Work task
Your task is to transcribe all the entries exactly, excluding pictures.

===== Provided records =====

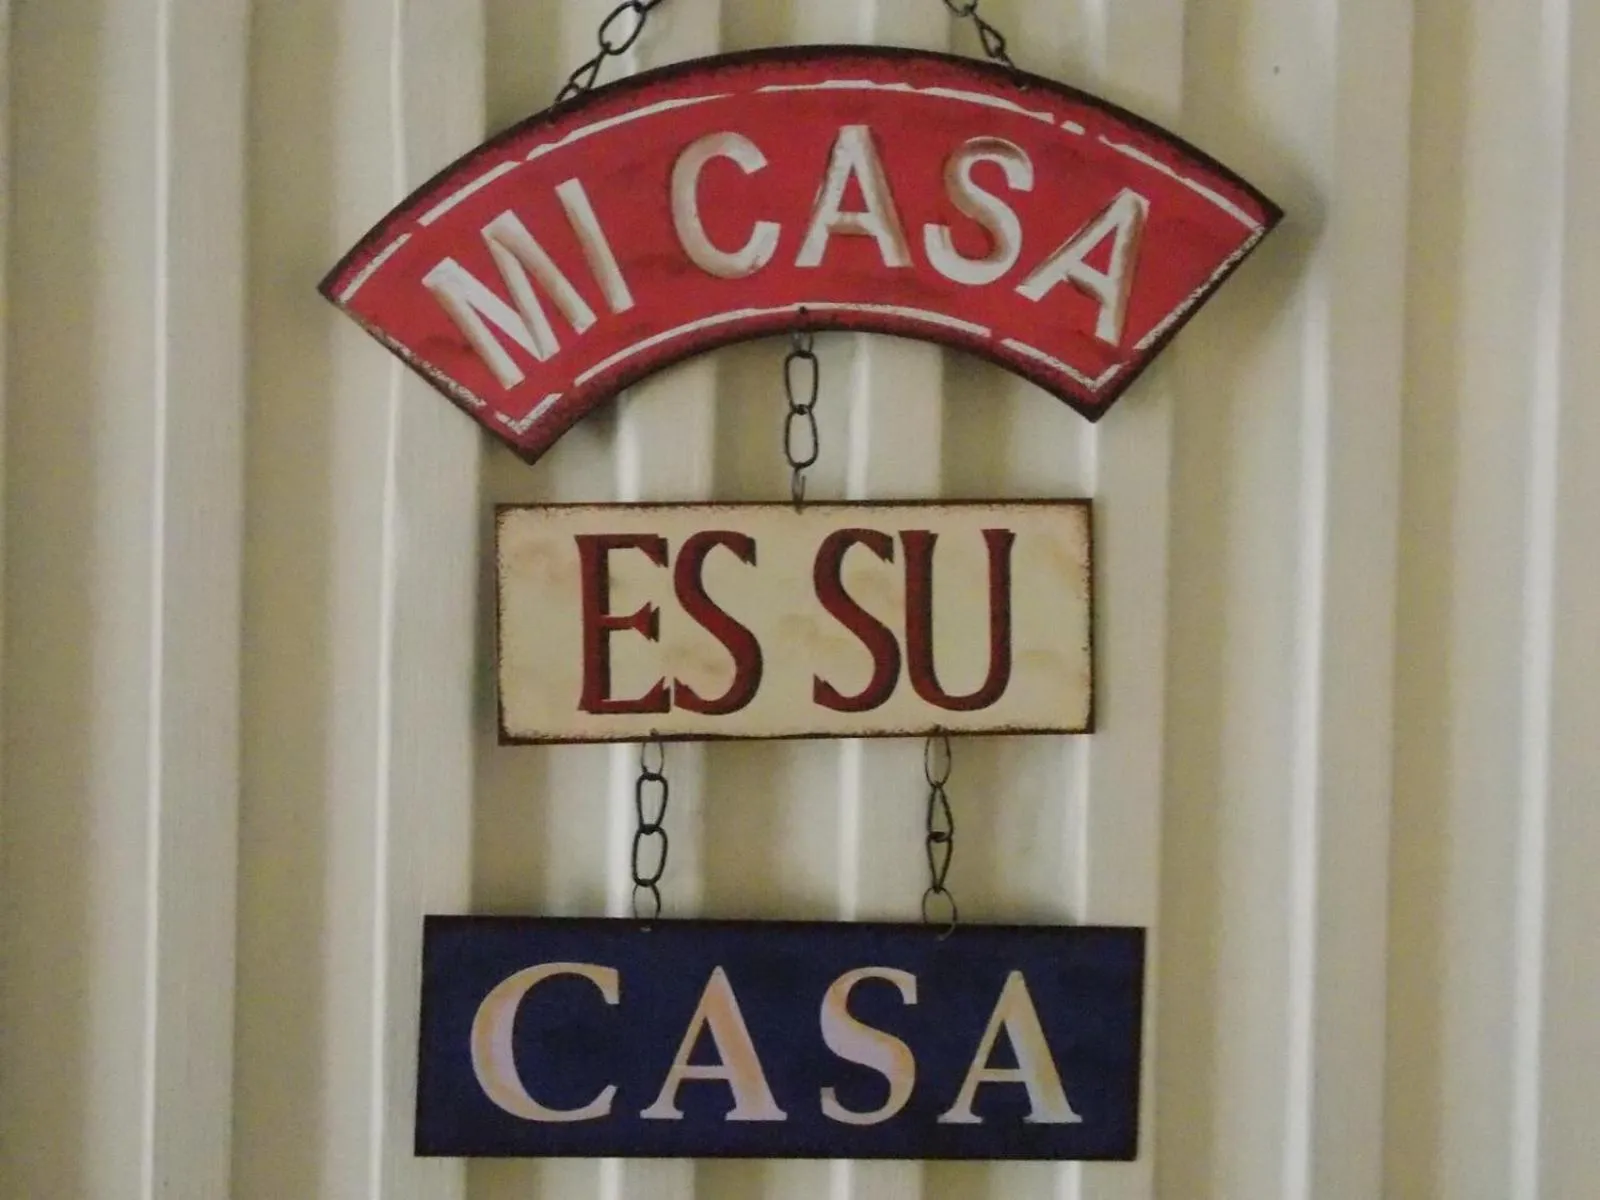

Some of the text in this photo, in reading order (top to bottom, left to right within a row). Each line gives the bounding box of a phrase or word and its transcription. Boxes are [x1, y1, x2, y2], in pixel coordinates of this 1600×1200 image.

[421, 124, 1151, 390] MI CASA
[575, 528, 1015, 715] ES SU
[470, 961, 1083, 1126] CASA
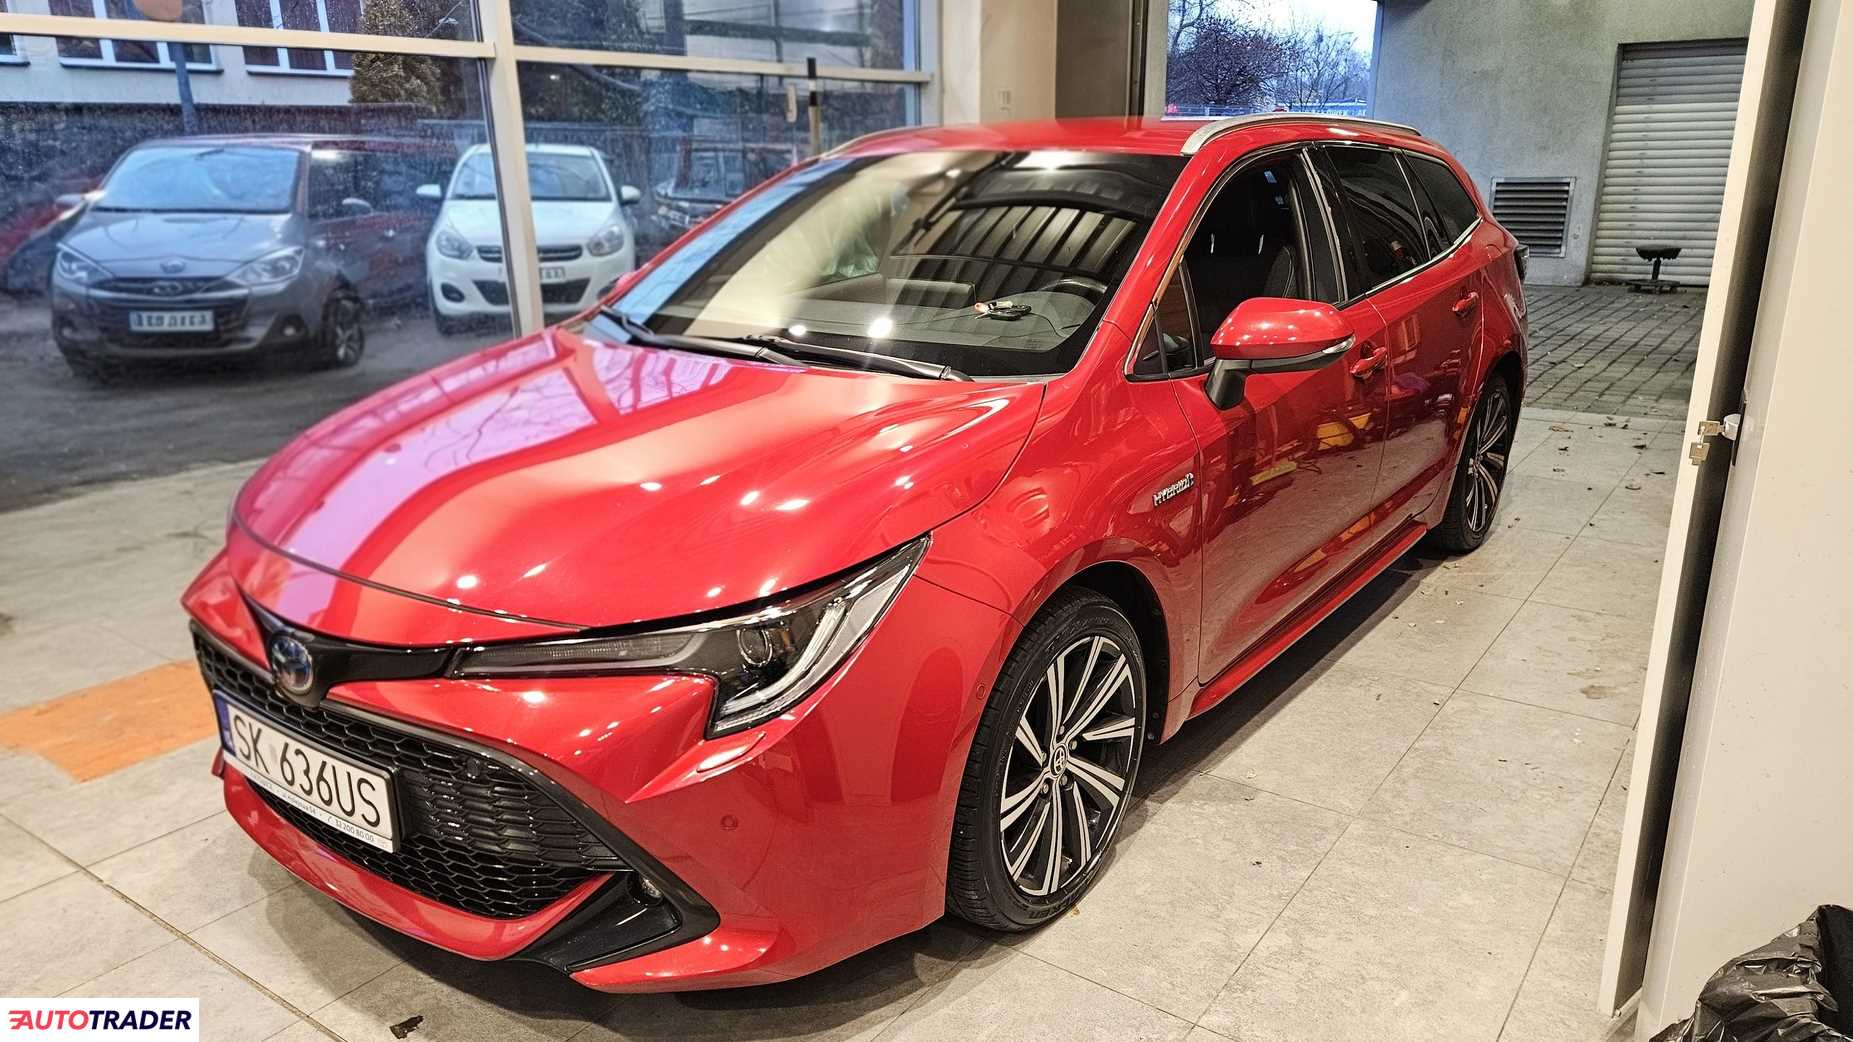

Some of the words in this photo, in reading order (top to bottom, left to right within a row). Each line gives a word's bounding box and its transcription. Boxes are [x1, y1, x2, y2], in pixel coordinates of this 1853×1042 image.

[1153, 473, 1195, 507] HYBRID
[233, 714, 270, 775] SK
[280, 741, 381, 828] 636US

=====

Output for this task
Some of the text in this photo, in reading order (top to bottom, left to right within a row). Each line gives the bounding box of a phrase or word and its transcription. Boxes are [x1, y1, x2, y2], in pixel coordinates of this 1600×1200 image.

[421, 124, 1151, 390] MI CASA
[575, 528, 1015, 715] ES SU
[470, 961, 1083, 1126] CASA

Some of the words in this photo, in reading order (top to bottom, left to right within a row). Each line gives a word's bounding box and its transcription. Boxes are [x1, y1, x2, y2], in pixel coordinates of this 1853×1042 image.

[1153, 473, 1195, 507] HYBRID
[233, 714, 270, 775] SK
[280, 741, 381, 828] 636US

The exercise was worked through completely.